I’ve always either thought of myself as female, or for some time as “none of the above.” I have never in my life thought of myself as male.

My wife Fierra, is an XX woman. She fell in love with me knowing fully in advance everything about me from back when we were just friends, and despite everything still decided to propose to me. Women like her are quite uncommon.

At one time I may have been attracted to males, like most women. It was more that I was open to anyone - “none of the above” is a lonely place, and when you just want someone to love and to love you, you don’t get hung up on “parts.” However…after I was raped by two men as a teen, then years after sexually assaulted at my first engineering job by a man over several weeks, I lost any interest in men whatsoever.

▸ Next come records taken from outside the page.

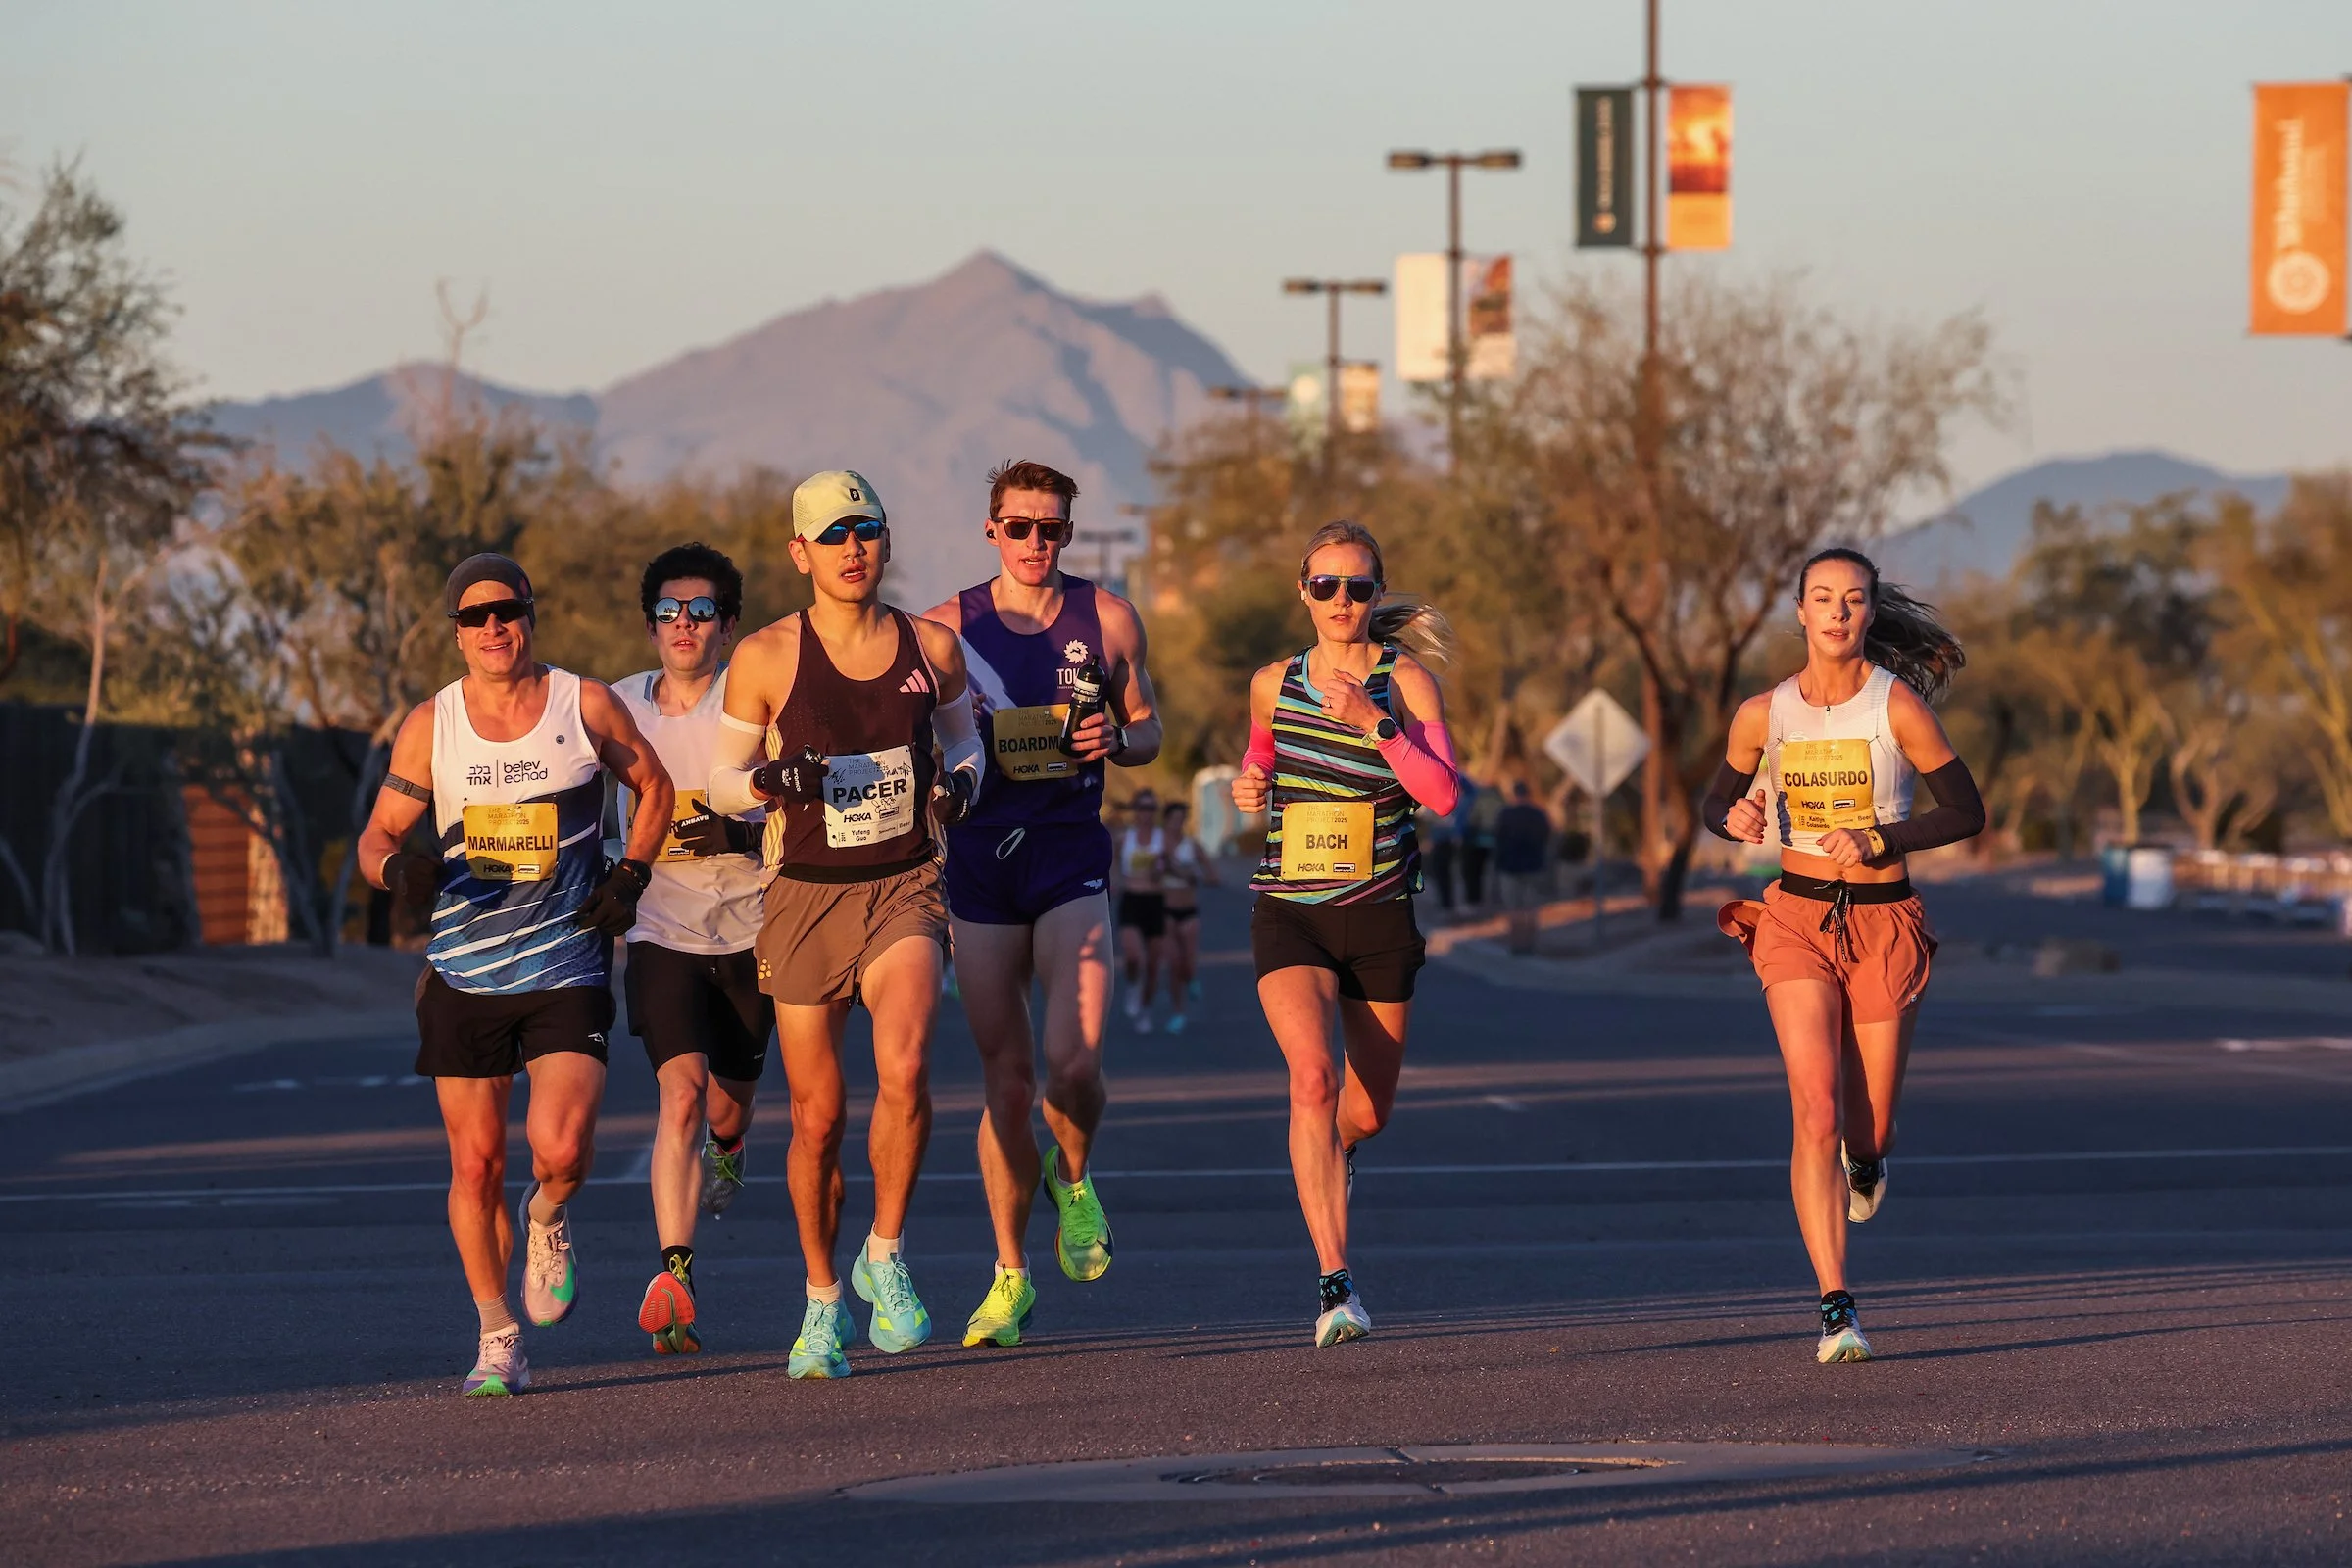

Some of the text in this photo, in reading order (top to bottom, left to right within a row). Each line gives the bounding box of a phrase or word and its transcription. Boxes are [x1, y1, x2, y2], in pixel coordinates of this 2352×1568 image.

[998, 735, 1059, 753] BOARDM
[469, 764, 491, 775] בלב
[1013, 764, 1040, 774] HOKA
[466, 775, 492, 786] אחד
[504, 768, 548, 784] echad
[1785, 770, 1868, 787] COLASURDO
[832, 778, 907, 804] PACER
[1801, 800, 1826, 809] HOKA
[844, 812, 872, 823] HOKA
[467, 835, 553, 851] MARMARELLI
[1306, 834, 1348, 849] BACH
[483, 864, 512, 873] HOKA
[1298, 863, 1326, 872] HOKA

If nothing else, it’s a matter of the greater need. You have someone who is willing to go through extensive therapy, medical intervention, expense, risking ridicule and losing a good chunk of friends and family. Logically, the level of need that a person must have to drive them to go through transition must be immense. The only sane response to that person is compassion. You don’t even need to understand it or feel comfortable with it (although a “good liberal” should at least try). If you think it’s sinful or icky or just confusing, suck it up. That’s nothing in comparison.

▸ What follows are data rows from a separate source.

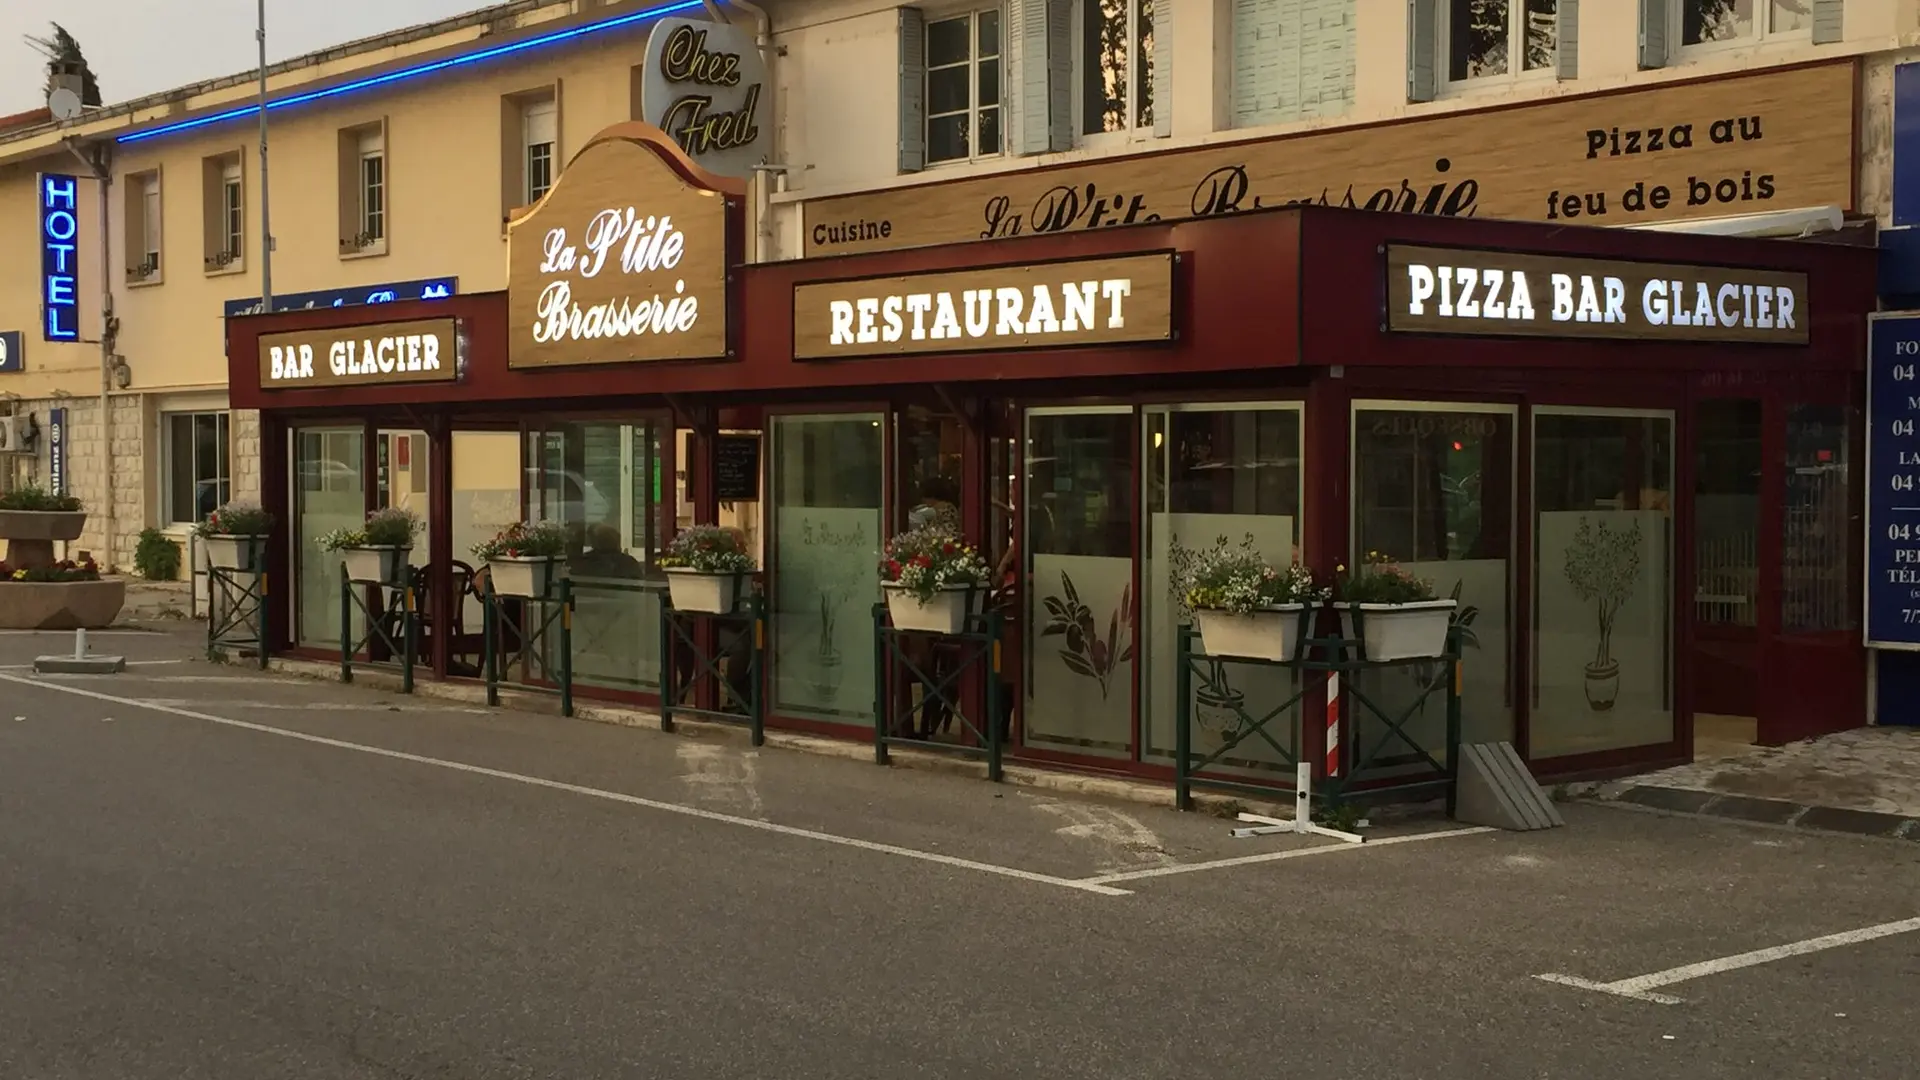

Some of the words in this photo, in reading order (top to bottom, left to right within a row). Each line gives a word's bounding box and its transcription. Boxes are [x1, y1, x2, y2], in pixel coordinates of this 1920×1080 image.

[661, 24, 741, 87] Chez
[660, 84, 761, 157] Fred
[1586, 123, 1692, 159] Pizza
[1710, 116, 1762, 143] au
[1547, 190, 1607, 219] feu
[1622, 182, 1670, 211] de
[1687, 170, 1775, 206] bois
[540, 228, 577, 273] La
[580, 206, 685, 278] P'tite
[813, 217, 892, 245] Cuisine
[46, 179, 76, 338] HOTEL
[533, 279, 698, 343] Brasserie
[830, 279, 1131, 345] RESTAURANT
[1408, 264, 1535, 319] PIZZA
[1552, 273, 1627, 323] BAR
[1642, 278, 1796, 329] GLACIER
[270, 342, 314, 379] BAR
[329, 333, 441, 376] GLACIER
[1896, 341, 1920, 354] FO
[1893, 364, 1915, 380] 04
[1892, 419, 1914, 436] 04
[1892, 474, 1913, 491] 04
[1888, 523, 1910, 540] 04

On a lighter note, remember when Ally McBeal was on and people thought that communal unisex restrooms were going to be commonplace any time now? I guess that didn’t happen.

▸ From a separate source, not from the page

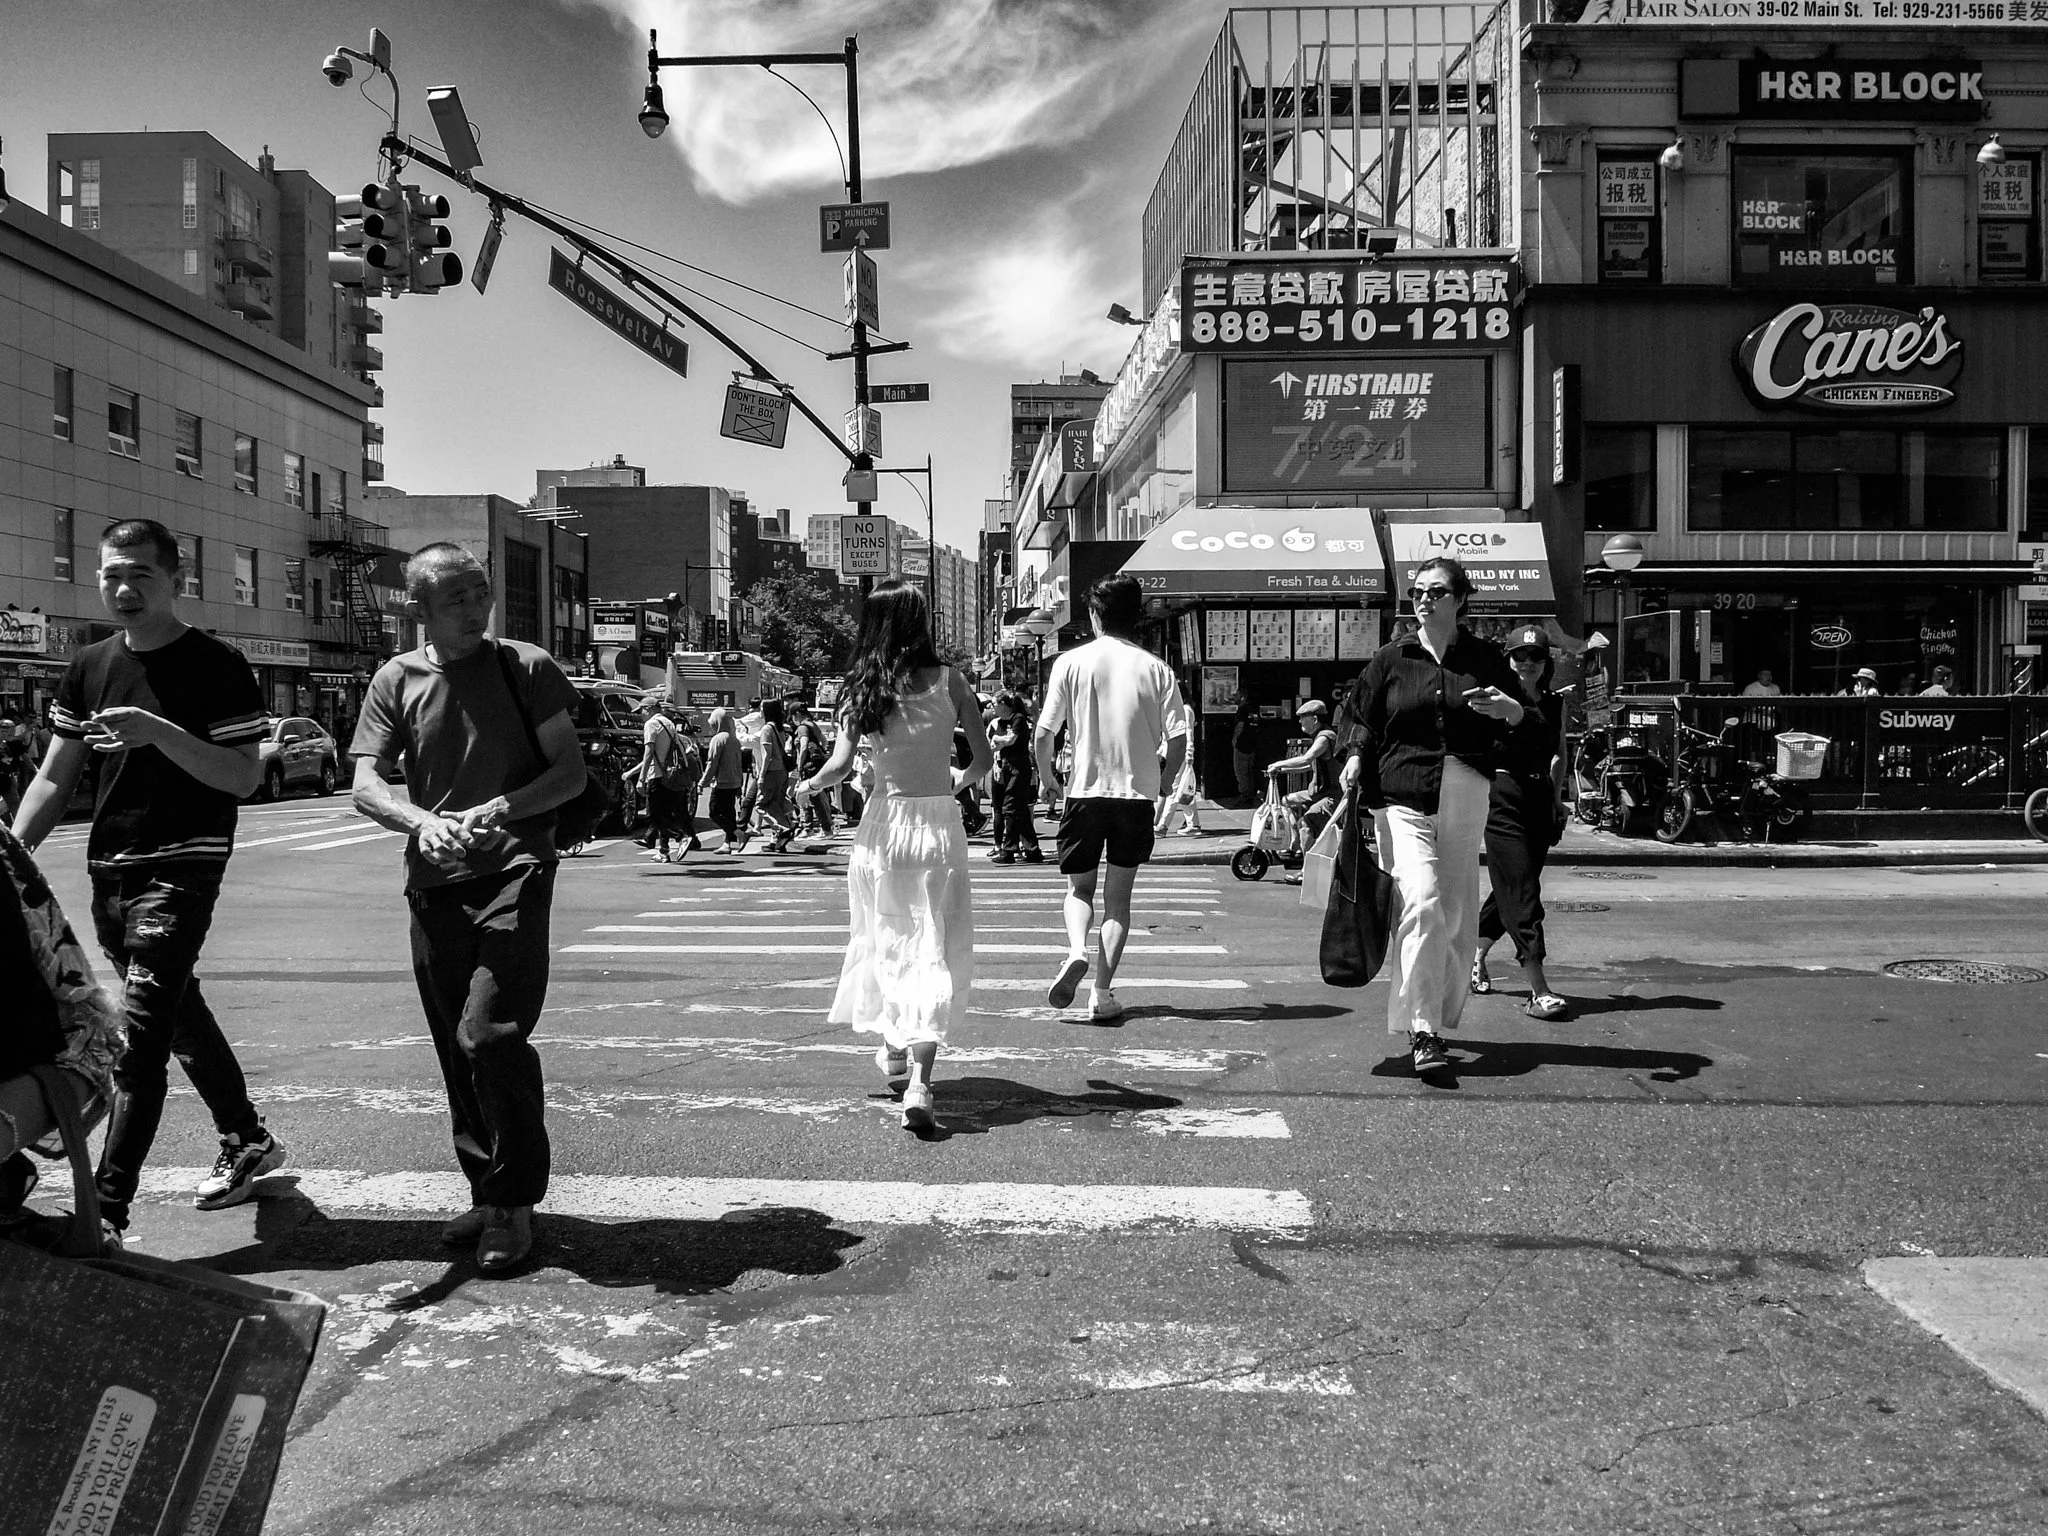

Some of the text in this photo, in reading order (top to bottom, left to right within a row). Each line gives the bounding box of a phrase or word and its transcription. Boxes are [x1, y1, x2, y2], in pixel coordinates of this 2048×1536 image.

Una, thank you very much for sharing what you did, and helping me understand some tiny part of what you’ve gone through, and better understand trans issues.

And, I’m glad you’ve found happiness with Fierra.

As an official member of the SDMB Offenderati, I should have been informed the moment a trans thread was started.

Re Questions

The primary issue is that trans people are human beings. This may seem basic and like it doesn’t need saying. Sadly, many people treat the transcommunity as it and other.

Re Legal Issues

Last time I checked, surgery changed your legal gender in some states and not in others. When and if you could marry changed state to state.

Jtgain

The consensus amongst us Liberals is that JayJay’s right to be gay trumps somebody else’s right to be anti-gay. I can’t see why this principle shouldn’t apply to trans people.

Seems like a pretty non-abstract issue to me. An employee wants to go to work dressed in the manner they feel matches their gender. An employer doesn’t want to allow this.

I’m confused. Are you changing your position here? Because this contradicts what you’ve said.

If a business owner fires an employee for wearing something the business owner doesn’t like, then the business owner is forcing his views on the employee. So if you think people shouldn’t be allowed to force their views on others then the business owner shouldn’t be allowed to fire his employees over their attire. The employees are free to wear what they want to wear, the owner is free to wear what he wants to wear, and nobody can tell anyone else what they can wear.

I think you are giving conservatives/bigots/religious right too much credit here. Any shred of compassion they claim to feel for others evaporates the moment they attach any scent of sex to an issue, and make no mistake: they are fixated on sex. They may be kind and charitable when it comes to birth defects, cancer, or depression, but matters of gender or orientation inspire the dirtiest, most base thoughts and the result is everything that is the opposite of compassion and empathy.

Healthy, well-adjusted folks don’t give any thought to who is in the adjoining stall nor speculate that their neighbor is doing anything other than going to the bathroom. The fact that this is the sticking point when it comes to trans issues is embarrassing and petty.

Heck, I’ve worked jobs where I traded others for a spot behind a bush and a Big Gulp cup (if you’re on the crew installing the toilets the toilets don’t exist until you’re done, right?) Somehow, we all managed to take a piss without assaulting or embarrassing each other.

Mind you, I’m cautious in any public toilet just because there is a non-zero percentage of bad people out there, but honestly, too many people are just irrational about these things.